1. Consultations: Start with a consultation with your photographer to determine what mood or feeling you would like to capture. For example, do you want something casual or formal? What is the overall color scheme of the room in which you wish to hang your portrait? The more you can communicate with your photographer, the more successful the finished art will be. If the room you are thinking of has mostly dark tones, then maybe the background should be darker and more subdued. If your home is light and airy, perhaps a pastel palette would be better.

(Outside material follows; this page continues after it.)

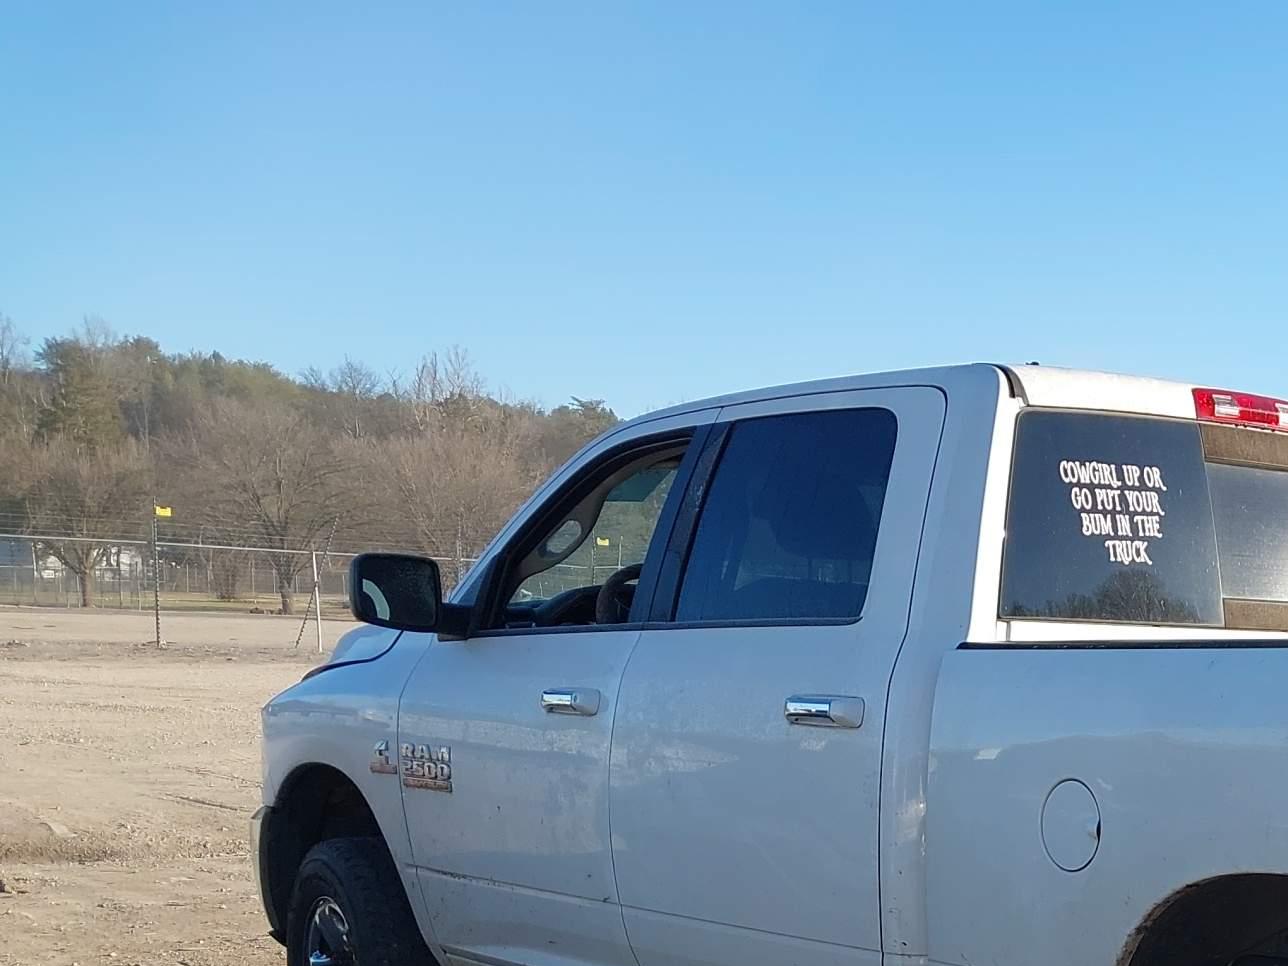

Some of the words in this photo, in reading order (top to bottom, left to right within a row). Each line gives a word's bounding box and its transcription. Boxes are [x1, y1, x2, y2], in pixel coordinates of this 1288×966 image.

2. Size and placement are very important in the impact of the finished work. Below is an image I made of my family several years ago. It is 16×20 in size and is in the entry way of our home. The canvas print takes up approximately two-thirds of the width of the wall, but does not seem overwhelming at all. Anything smaller would have seemed a bit silly–the childrens’ heads would have been the size of M&Ms.
3. Framing: Framing is an important consideration. It is like the icing on the cake. If you are going to invest the time and money creating a family heirloom, take a little care in the framing aspect of the portrait as well. The size and color of the moulding should be complimentary to both the portrait and the room in which it will reside. I chose the black frame in the previous example to compliment the black console table in the hall. If you have mostly modern decor, an ornate, intricately carved frame would probably not look right in your space. Likewise, if you have a more rustic looking style, a super sleek modern frame would not be appropriate.
A wall portrait is an investment that you will want to live with for a long time. Therefore, taking the time to properly plan and create one is very important. Take the time to discuss your ideas in detail with your photographer and you will not be disappointed.